**INPUT DATA:**
· · · · · · ·

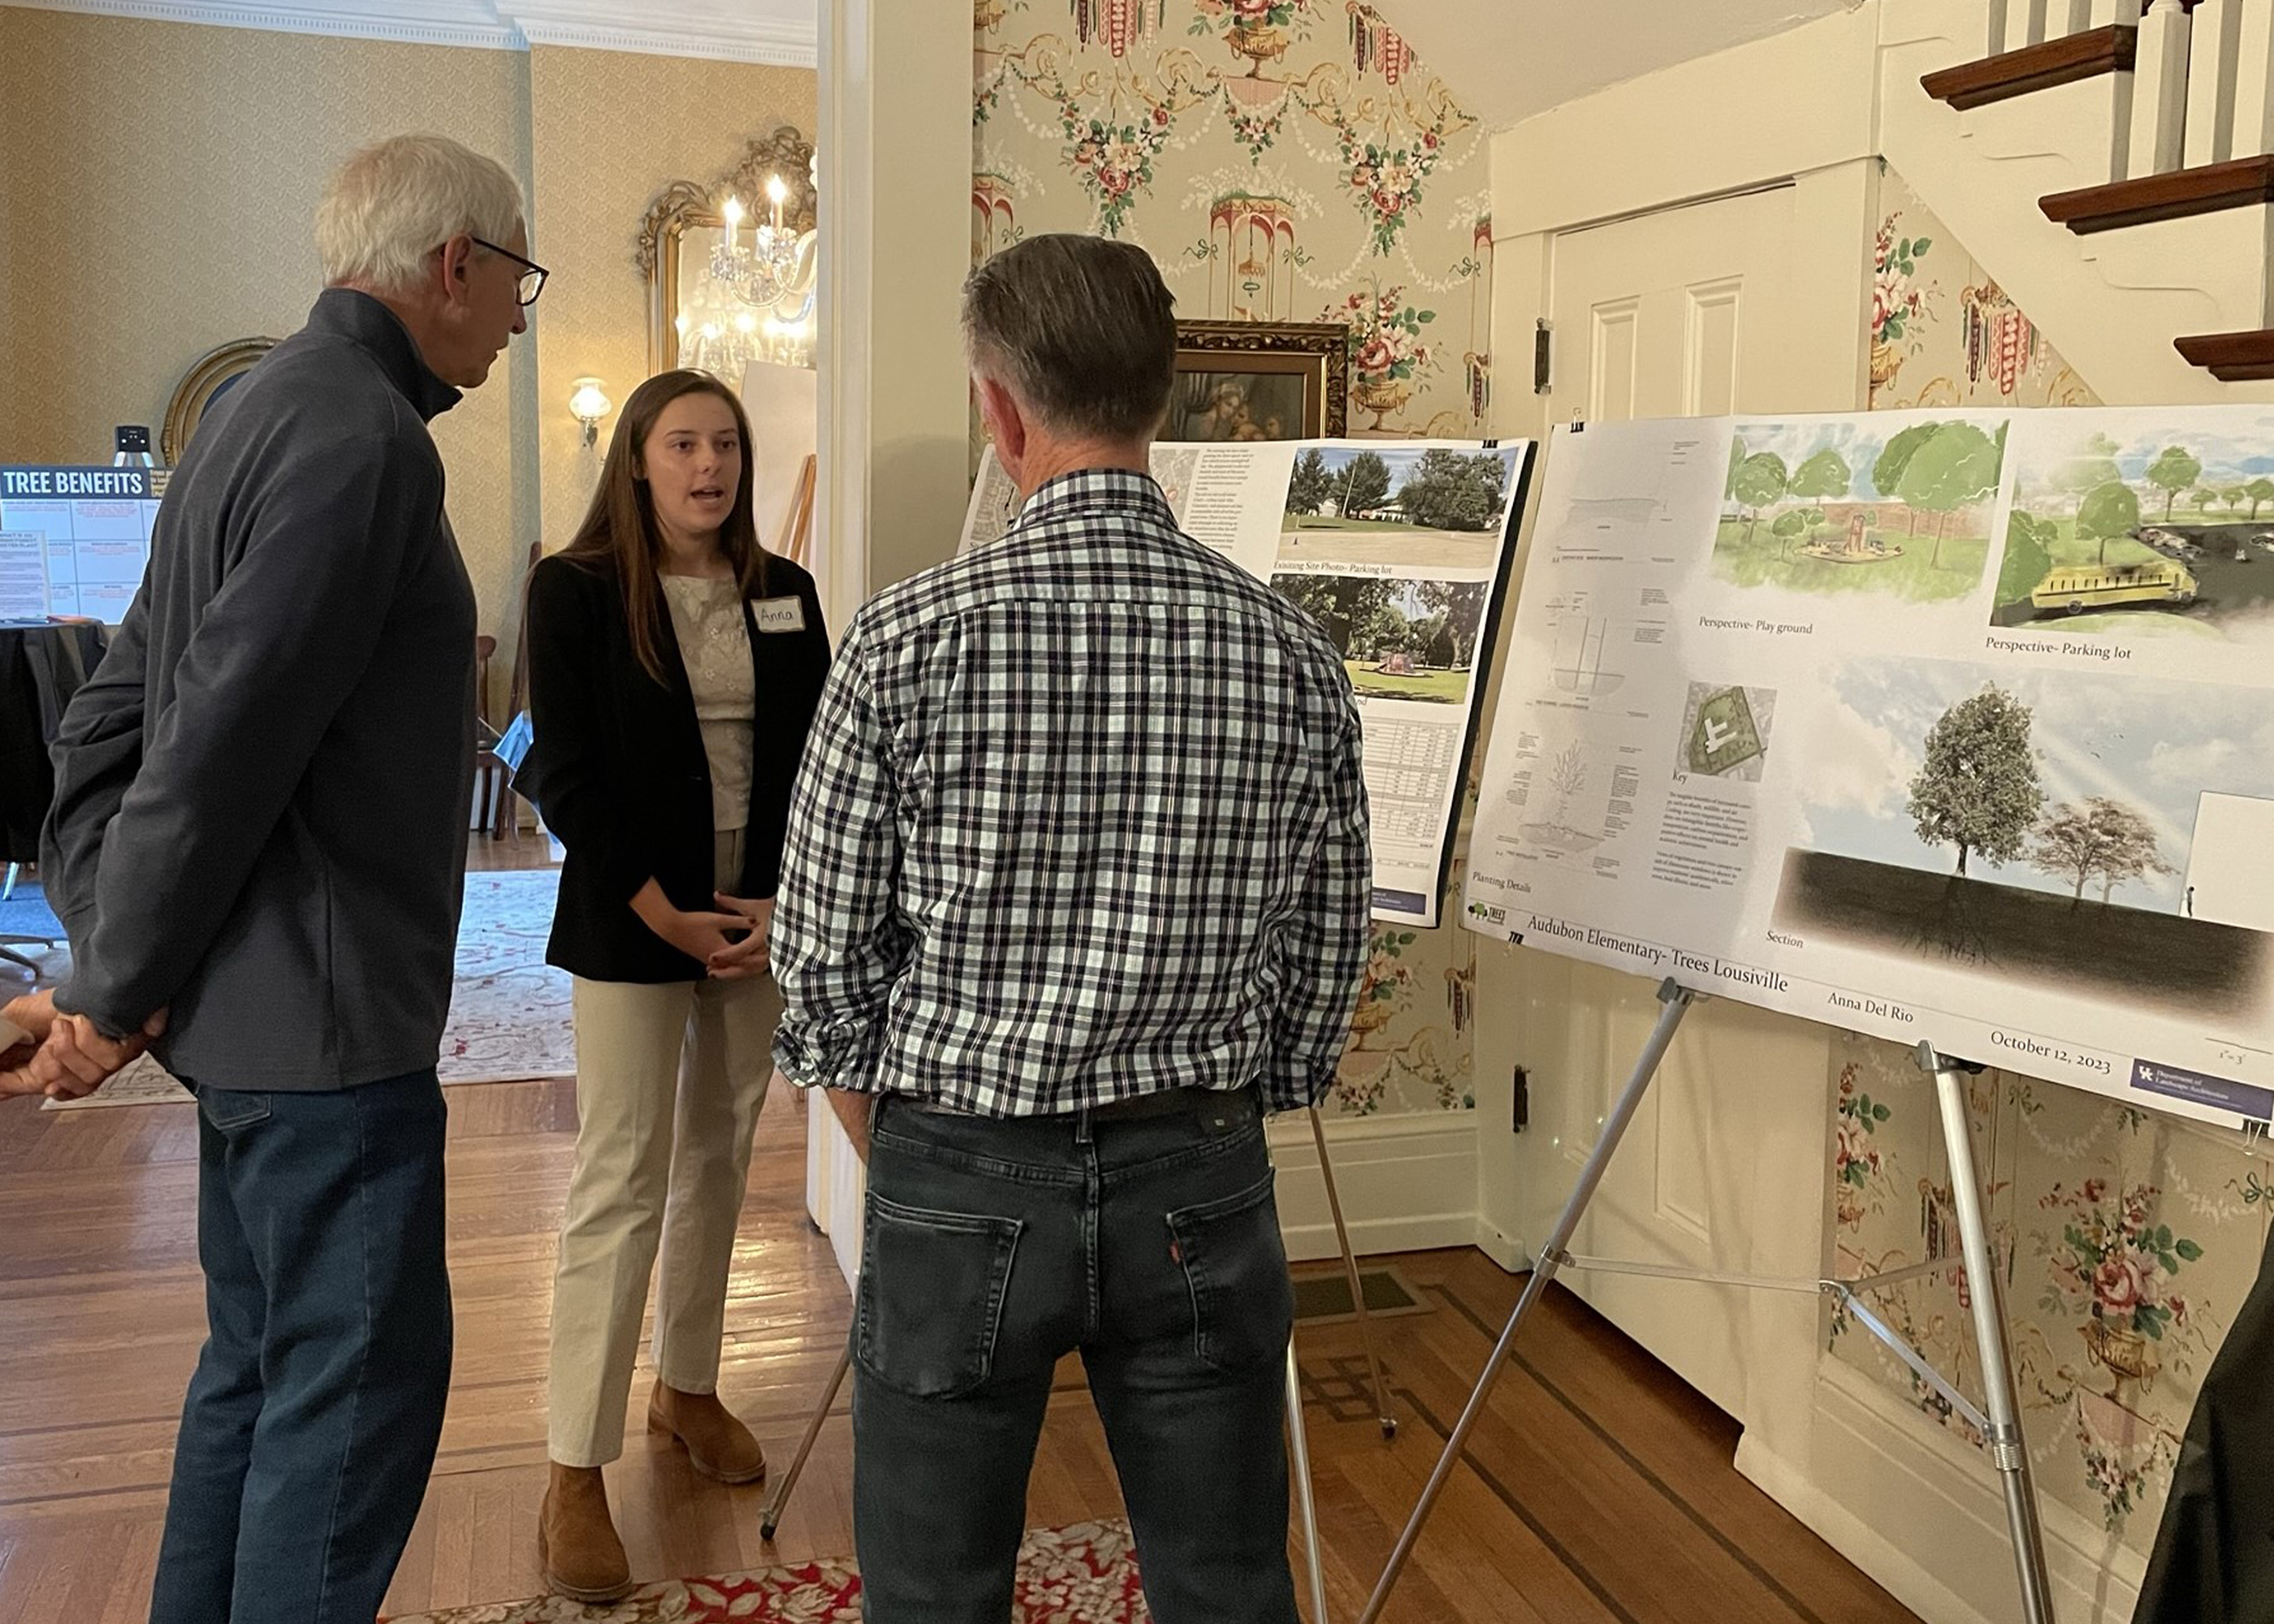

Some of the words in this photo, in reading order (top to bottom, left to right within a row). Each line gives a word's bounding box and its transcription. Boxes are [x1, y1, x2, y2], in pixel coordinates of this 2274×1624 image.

[3, 471, 51, 494] TREE
[55, 472, 143, 495] BENEFITS
[1306, 561, 1320, 570] Site
[1350, 564, 1380, 575] Parking
[1381, 564, 1393, 574] lot
[761, 608, 793, 622] Anna
[1699, 616, 1753, 629] Perspective-
[1776, 623, 1814, 634] ground
[1985, 637, 2059, 653] Perspective-
[2062, 642, 2110, 660] Parking
[2114, 646, 2132, 659] lot
[1672, 769, 1688, 785] Key
[1472, 871, 1506, 889] Planting
[1507, 879, 1532, 893] Details
[1766, 929, 1804, 948] Section
[1528, 915, 1584, 941] Audubon
[1587, 928, 1667, 965] Elementary-
[1671, 948, 1710, 973] Trees
[1713, 959, 1788, 992] Lousiville
[1827, 991, 1861, 1011] Anna
[1865, 1000, 1887, 1017] Del
[1891, 1006, 1914, 1023] Rio
[1991, 1030, 2051, 1057] October
[2054, 1049, 2072, 1064] 12,
[2076, 1055, 2112, 1075] 2023
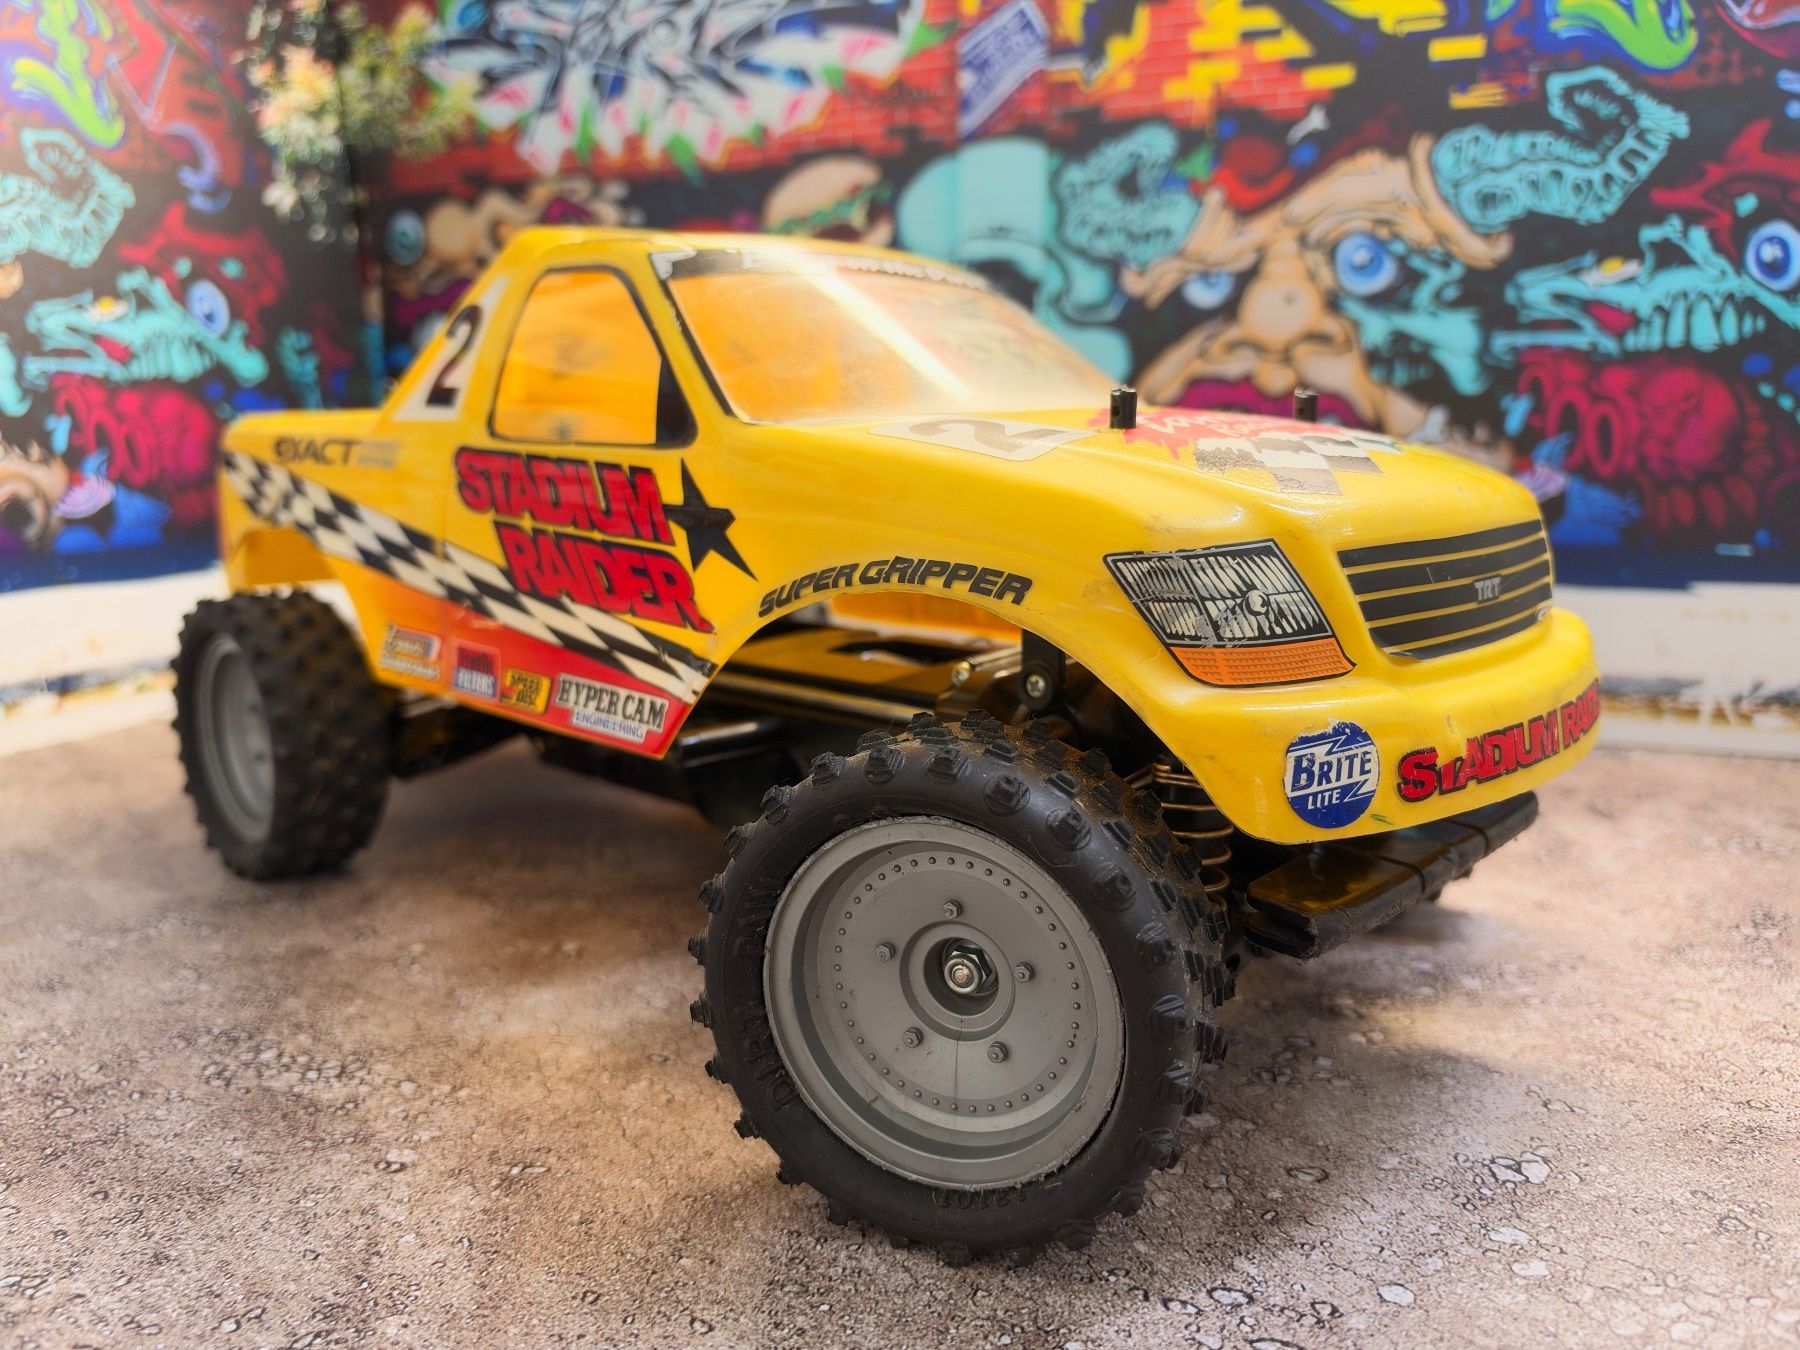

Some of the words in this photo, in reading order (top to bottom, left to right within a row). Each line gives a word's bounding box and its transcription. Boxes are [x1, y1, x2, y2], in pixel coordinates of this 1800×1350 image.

[426, 304, 481, 407] 2
[908, 419, 1068, 452] 2
[455, 447, 675, 545] STADIUM
[494, 519, 717, 634] RAIDER
[758, 563, 859, 618] SUPER
[859, 556, 1032, 605] GRIPPER
[1473, 577, 1500, 600] TRT
[558, 680, 621, 716] HYPER
[622, 694, 667, 730] CAM
[575, 711, 644, 738] ENGINEERING
[1291, 748, 1372, 792] BRITE
[1397, 709, 1559, 802] STADIUM
[1307, 788, 1341, 810] LITE

· · · · · · ·

**WHAT IS NEEDED:** Write the records out in full, word for word; leave every picture behind.

**EXERCISE RESPONSE:**
Some of the words in this photo, in reading order (top to bottom, left to right within a row). Each line gives a word's bounding box and its transcription. Boxes are [x1, y1, x2, y2], in pixel coordinates of this 2274×1624 image.

[3, 471, 51, 494] TREE
[55, 472, 143, 495] BENEFITS
[1306, 561, 1320, 570] Site
[1350, 564, 1380, 575] Parking
[1381, 564, 1393, 574] lot
[761, 608, 793, 622] Anna
[1699, 616, 1753, 629] Perspective-
[1776, 623, 1814, 634] ground
[1985, 637, 2059, 653] Perspective-
[2062, 642, 2110, 660] Parking
[2114, 646, 2132, 659] lot
[1672, 769, 1688, 785] Key
[1472, 871, 1506, 889] Planting
[1507, 879, 1532, 893] Details
[1766, 929, 1804, 948] Section
[1528, 915, 1584, 941] Audubon
[1587, 928, 1667, 965] Elementary-
[1671, 948, 1710, 973] Trees
[1713, 959, 1788, 992] Lousiville
[1827, 991, 1861, 1011] Anna
[1865, 1000, 1887, 1017] Del
[1891, 1006, 1914, 1023] Rio
[1991, 1030, 2051, 1057] October
[2054, 1049, 2072, 1064] 12,
[2076, 1055, 2112, 1075] 2023

Some of the words in this photo, in reading order (top to bottom, left to right within a row). Each line gives a word's bounding box and its transcription. Boxes are [x1, y1, x2, y2], in pixel coordinates of this 1800×1350 image.

[426, 304, 481, 407] 2
[908, 419, 1068, 452] 2
[455, 447, 675, 545] STADIUM
[494, 519, 717, 634] RAIDER
[758, 563, 859, 618] SUPER
[859, 556, 1032, 605] GRIPPER
[1473, 577, 1500, 600] TRT
[558, 680, 621, 716] HYPER
[622, 694, 667, 730] CAM
[575, 711, 644, 738] ENGINEERING
[1291, 748, 1372, 792] BRITE
[1397, 709, 1559, 802] STADIUM
[1307, 788, 1341, 810] LITE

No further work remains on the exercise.